--- Data for analysis Enclosed Below ---
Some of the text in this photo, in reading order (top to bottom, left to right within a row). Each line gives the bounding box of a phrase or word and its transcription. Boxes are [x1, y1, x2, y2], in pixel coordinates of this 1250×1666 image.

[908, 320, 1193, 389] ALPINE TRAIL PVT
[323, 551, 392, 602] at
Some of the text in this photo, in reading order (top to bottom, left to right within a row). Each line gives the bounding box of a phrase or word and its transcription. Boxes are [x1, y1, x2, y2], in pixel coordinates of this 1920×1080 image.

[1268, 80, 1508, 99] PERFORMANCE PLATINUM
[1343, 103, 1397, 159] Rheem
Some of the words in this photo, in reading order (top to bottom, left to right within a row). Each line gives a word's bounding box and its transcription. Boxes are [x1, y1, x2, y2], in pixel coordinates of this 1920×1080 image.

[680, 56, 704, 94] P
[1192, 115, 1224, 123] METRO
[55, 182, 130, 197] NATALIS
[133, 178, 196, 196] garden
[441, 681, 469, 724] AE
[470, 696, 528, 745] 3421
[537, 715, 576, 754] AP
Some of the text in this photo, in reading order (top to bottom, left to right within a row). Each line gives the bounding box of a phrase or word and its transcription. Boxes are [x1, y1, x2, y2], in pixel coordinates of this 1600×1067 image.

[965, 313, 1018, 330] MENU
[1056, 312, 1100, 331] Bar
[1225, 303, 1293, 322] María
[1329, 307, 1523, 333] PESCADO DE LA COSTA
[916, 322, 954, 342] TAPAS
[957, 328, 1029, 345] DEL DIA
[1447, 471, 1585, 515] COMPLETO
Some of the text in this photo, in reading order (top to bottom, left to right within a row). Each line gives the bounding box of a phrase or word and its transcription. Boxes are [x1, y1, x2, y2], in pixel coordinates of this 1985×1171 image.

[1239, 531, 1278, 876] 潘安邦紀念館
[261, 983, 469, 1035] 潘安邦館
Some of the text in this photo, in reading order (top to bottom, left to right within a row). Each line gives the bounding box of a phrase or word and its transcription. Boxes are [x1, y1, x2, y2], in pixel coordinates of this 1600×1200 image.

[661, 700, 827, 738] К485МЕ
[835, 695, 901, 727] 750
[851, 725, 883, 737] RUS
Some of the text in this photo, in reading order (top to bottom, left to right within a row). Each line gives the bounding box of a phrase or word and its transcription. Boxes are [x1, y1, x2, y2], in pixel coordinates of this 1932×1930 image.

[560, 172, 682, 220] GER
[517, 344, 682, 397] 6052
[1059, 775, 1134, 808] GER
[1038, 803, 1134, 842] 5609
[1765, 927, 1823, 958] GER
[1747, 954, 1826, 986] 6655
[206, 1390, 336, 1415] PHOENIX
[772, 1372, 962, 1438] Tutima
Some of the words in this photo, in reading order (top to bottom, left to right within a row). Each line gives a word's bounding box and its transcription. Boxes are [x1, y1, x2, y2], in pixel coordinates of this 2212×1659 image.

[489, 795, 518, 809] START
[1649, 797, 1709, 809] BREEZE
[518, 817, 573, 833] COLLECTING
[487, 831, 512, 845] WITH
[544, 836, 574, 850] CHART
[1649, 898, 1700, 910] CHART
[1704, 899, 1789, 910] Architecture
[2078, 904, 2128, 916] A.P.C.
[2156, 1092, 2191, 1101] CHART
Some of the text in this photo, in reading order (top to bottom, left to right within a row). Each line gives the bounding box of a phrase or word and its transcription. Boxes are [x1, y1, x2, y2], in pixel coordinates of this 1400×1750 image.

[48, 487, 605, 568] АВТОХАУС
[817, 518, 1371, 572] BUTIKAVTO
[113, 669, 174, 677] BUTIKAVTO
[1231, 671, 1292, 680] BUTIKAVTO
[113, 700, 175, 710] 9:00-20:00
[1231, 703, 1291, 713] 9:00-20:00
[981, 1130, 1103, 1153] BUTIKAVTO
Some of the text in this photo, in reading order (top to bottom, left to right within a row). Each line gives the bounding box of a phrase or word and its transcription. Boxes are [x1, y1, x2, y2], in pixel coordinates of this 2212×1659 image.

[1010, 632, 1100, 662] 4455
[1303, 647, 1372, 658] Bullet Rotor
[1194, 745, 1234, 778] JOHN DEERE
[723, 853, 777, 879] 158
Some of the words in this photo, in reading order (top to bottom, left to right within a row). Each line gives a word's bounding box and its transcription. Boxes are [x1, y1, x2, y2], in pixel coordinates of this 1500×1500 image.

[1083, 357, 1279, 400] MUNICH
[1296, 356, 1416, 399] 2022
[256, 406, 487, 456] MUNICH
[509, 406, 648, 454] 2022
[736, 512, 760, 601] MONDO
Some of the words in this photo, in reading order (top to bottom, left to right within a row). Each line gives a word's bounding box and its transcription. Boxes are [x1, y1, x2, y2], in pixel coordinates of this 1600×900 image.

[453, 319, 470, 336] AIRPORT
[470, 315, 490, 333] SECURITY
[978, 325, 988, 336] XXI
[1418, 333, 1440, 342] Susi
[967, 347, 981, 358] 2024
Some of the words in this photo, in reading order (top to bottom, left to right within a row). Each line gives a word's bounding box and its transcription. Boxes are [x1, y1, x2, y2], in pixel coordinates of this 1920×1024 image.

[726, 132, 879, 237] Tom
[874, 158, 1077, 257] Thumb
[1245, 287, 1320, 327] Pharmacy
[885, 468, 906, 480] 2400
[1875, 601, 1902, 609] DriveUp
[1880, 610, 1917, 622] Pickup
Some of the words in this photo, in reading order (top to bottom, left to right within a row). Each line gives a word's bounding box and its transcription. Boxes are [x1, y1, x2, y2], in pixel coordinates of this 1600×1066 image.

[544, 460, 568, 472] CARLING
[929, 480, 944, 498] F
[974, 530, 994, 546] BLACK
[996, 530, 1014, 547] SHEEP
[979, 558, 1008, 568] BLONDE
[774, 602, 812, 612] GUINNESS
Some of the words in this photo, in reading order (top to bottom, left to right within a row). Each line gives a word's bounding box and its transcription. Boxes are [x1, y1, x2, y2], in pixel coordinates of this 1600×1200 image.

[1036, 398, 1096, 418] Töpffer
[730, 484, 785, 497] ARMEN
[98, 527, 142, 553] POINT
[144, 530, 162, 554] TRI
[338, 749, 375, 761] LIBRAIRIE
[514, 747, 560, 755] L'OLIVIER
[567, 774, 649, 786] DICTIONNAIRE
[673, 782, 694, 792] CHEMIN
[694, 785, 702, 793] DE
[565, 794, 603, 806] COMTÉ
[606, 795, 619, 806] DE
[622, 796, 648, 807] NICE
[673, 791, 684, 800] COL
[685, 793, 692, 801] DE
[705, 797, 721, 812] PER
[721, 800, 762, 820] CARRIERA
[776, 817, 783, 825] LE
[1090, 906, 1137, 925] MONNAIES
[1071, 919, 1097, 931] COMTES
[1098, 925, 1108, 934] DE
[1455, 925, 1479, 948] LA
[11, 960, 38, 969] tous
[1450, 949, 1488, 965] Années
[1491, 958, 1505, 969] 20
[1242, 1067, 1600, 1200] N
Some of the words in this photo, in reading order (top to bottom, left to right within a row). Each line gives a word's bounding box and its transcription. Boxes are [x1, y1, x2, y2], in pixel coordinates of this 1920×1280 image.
--- End of Enclosed Data for analysis ---
Your goal » Can you restate every record above word for word?

Output of the exercise »
Some of the text in this photo, in reading order (top to bottom, left to right within a row). Each line gives the bounding box of a phrase or word and its transcription. Boxes are [x1, y1, x2, y2], in pixel coordinates of this 1250×1666 image.

[908, 320, 1193, 389] ALPINE TRAIL PVT
[323, 551, 392, 602] at
Some of the text in this photo, in reading order (top to bottom, left to right within a row). Each line gives the bounding box of a phrase or word and its transcription. Boxes are [x1, y1, x2, y2], in pixel coordinates of this 1920×1080 image.

[1268, 80, 1508, 99] PERFORMANCE PLATINUM
[1343, 103, 1397, 159] Rheem
Some of the words in this photo, in reading order (top to bottom, left to right within a row). Each line gives a word's bounding box and its transcription. Boxes are [x1, y1, x2, y2], in pixel coordinates of this 1920×1080 image.

[680, 56, 704, 94] P
[1192, 115, 1224, 123] METRO
[55, 182, 130, 197] NATALIS
[133, 178, 196, 196] garden
[441, 681, 469, 724] AE
[470, 696, 528, 745] 3421
[537, 715, 576, 754] AP
Some of the text in this photo, in reading order (top to bottom, left to right within a row). Each line gives the bounding box of a phrase or word and its transcription. Boxes are [x1, y1, x2, y2], in pixel coordinates of this 1600×1067 image.

[965, 313, 1018, 330] MENU
[1056, 312, 1100, 331] Bar
[1225, 303, 1293, 322] María
[1329, 307, 1523, 333] PESCADO DE LA COSTA
[916, 322, 954, 342] TAPAS
[957, 328, 1029, 345] DEL DIA
[1447, 471, 1585, 515] COMPLETO
Some of the text in this photo, in reading order (top to bottom, left to right within a row). Each line gives the bounding box of a phrase or word and its transcription. Boxes are [x1, y1, x2, y2], in pixel coordinates of this 1985×1171 image.

[1239, 531, 1278, 876] 潘安邦紀念館
[261, 983, 469, 1035] 潘安邦館
Some of the text in this photo, in reading order (top to bottom, left to right within a row). Each line gives the bounding box of a phrase or word and its transcription. Boxes are [x1, y1, x2, y2], in pixel coordinates of this 1600×1200 image.

[661, 700, 827, 738] К485МЕ
[835, 695, 901, 727] 750
[851, 725, 883, 737] RUS
Some of the text in this photo, in reading order (top to bottom, left to right within a row). Each line gives the bounding box of a phrase or word and its transcription. Boxes are [x1, y1, x2, y2], in pixel coordinates of this 1932×1930 image.

[560, 172, 682, 220] GER
[517, 344, 682, 397] 6052
[1059, 775, 1134, 808] GER
[1038, 803, 1134, 842] 5609
[1765, 927, 1823, 958] GER
[1747, 954, 1826, 986] 6655
[206, 1390, 336, 1415] PHOENIX
[772, 1372, 962, 1438] Tutima
Some of the words in this photo, in reading order (top to bottom, left to right within a row). Each line gives a word's bounding box and its transcription. Boxes are [x1, y1, x2, y2], in pixel coordinates of this 2212×1659 image.

[489, 795, 518, 809] START
[1649, 797, 1709, 809] BREEZE
[518, 817, 573, 833] COLLECTING
[487, 831, 512, 845] WITH
[544, 836, 574, 850] CHART
[1649, 898, 1700, 910] CHART
[1704, 899, 1789, 910] Architecture
[2078, 904, 2128, 916] A.P.C.
[2156, 1092, 2191, 1101] CHART
Some of the text in this photo, in reading order (top to bottom, left to right within a row). Each line gives the bounding box of a phrase or word and its transcription. Boxes are [x1, y1, x2, y2], in pixel coordinates of this 1400×1750 image.

[48, 487, 605, 568] АВТОХАУС
[817, 518, 1371, 572] BUTIKAVTO
[113, 669, 174, 677] BUTIKAVTO
[1231, 671, 1292, 680] BUTIKAVTO
[113, 700, 175, 710] 9:00-20:00
[1231, 703, 1291, 713] 9:00-20:00
[981, 1130, 1103, 1153] BUTIKAVTO
Some of the text in this photo, in reading order (top to bottom, left to right within a row). Each line gives the bounding box of a phrase or word and its transcription. Boxes are [x1, y1, x2, y2], in pixel coordinates of this 2212×1659 image.

[1010, 632, 1100, 662] 4455
[1303, 647, 1372, 658] Bullet Rotor
[1194, 745, 1234, 778] JOHN DEERE
[723, 853, 777, 879] 158
Some of the words in this photo, in reading order (top to bottom, left to right within a row). Each line gives a word's bounding box and its transcription. Boxes are [x1, y1, x2, y2], in pixel coordinates of this 1500×1500 image.

[1083, 357, 1279, 400] MUNICH
[1296, 356, 1416, 399] 2022
[256, 406, 487, 456] MUNICH
[509, 406, 648, 454] 2022
[736, 512, 760, 601] MONDO
Some of the words in this photo, in reading order (top to bottom, left to right within a row). Each line gives a word's bounding box and its transcription. Boxes are [x1, y1, x2, y2], in pixel coordinates of this 1600×900 image.

[453, 319, 470, 336] AIRPORT
[470, 315, 490, 333] SECURITY
[978, 325, 988, 336] XXI
[1418, 333, 1440, 342] Susi
[967, 347, 981, 358] 2024
Some of the words in this photo, in reading order (top to bottom, left to right within a row). Each line gives a word's bounding box and its transcription. Boxes are [x1, y1, x2, y2], in pixel coordinates of this 1920×1024 image.

[726, 132, 879, 237] Tom
[874, 158, 1077, 257] Thumb
[1245, 287, 1320, 327] Pharmacy
[885, 468, 906, 480] 2400
[1875, 601, 1902, 609] DriveUp
[1880, 610, 1917, 622] Pickup
Some of the words in this photo, in reading order (top to bottom, left to right within a row). Each line gives a word's bounding box and its transcription. Boxes are [x1, y1, x2, y2], in pixel coordinates of this 1600×1066 image.

[544, 460, 568, 472] CARLING
[929, 480, 944, 498] F
[974, 530, 994, 546] BLACK
[996, 530, 1014, 547] SHEEP
[979, 558, 1008, 568] BLONDE
[774, 602, 812, 612] GUINNESS
Some of the words in this photo, in reading order (top to bottom, left to right within a row). Each line gives a word's bounding box and its transcription. Boxes are [x1, y1, x2, y2], in pixel coordinates of this 1600×1200 image.

[1036, 398, 1096, 418] Töpffer
[730, 484, 785, 497] ARMEN
[98, 527, 142, 553] POINT
[144, 530, 162, 554] TRI
[338, 749, 375, 761] LIBRAIRIE
[514, 747, 560, 755] L'OLIVIER
[567, 774, 649, 786] DICTIONNAIRE
[673, 782, 694, 792] CHEMIN
[694, 785, 702, 793] DE
[565, 794, 603, 806] COMTÉ
[606, 795, 619, 806] DE
[622, 796, 648, 807] NICE
[673, 791, 684, 800] COL
[685, 793, 692, 801] DE
[705, 797, 721, 812] PER
[721, 800, 762, 820] CARRIERA
[776, 817, 783, 825] LE
[1090, 906, 1137, 925] MONNAIES
[1071, 919, 1097, 931] COMTES
[1098, 925, 1108, 934] DE
[1455, 925, 1479, 948] LA
[11, 960, 38, 969] tous
[1450, 949, 1488, 965] Années
[1491, 958, 1505, 969] 20
[1242, 1067, 1600, 1200] N
Some of the words in this photo, in reading order (top to bottom, left to right within a row). Each line gives a word's bounding box and its transcription. Boxes are [x1, y1, x2, y2], in pixel coordinates of this 1920×1280 image.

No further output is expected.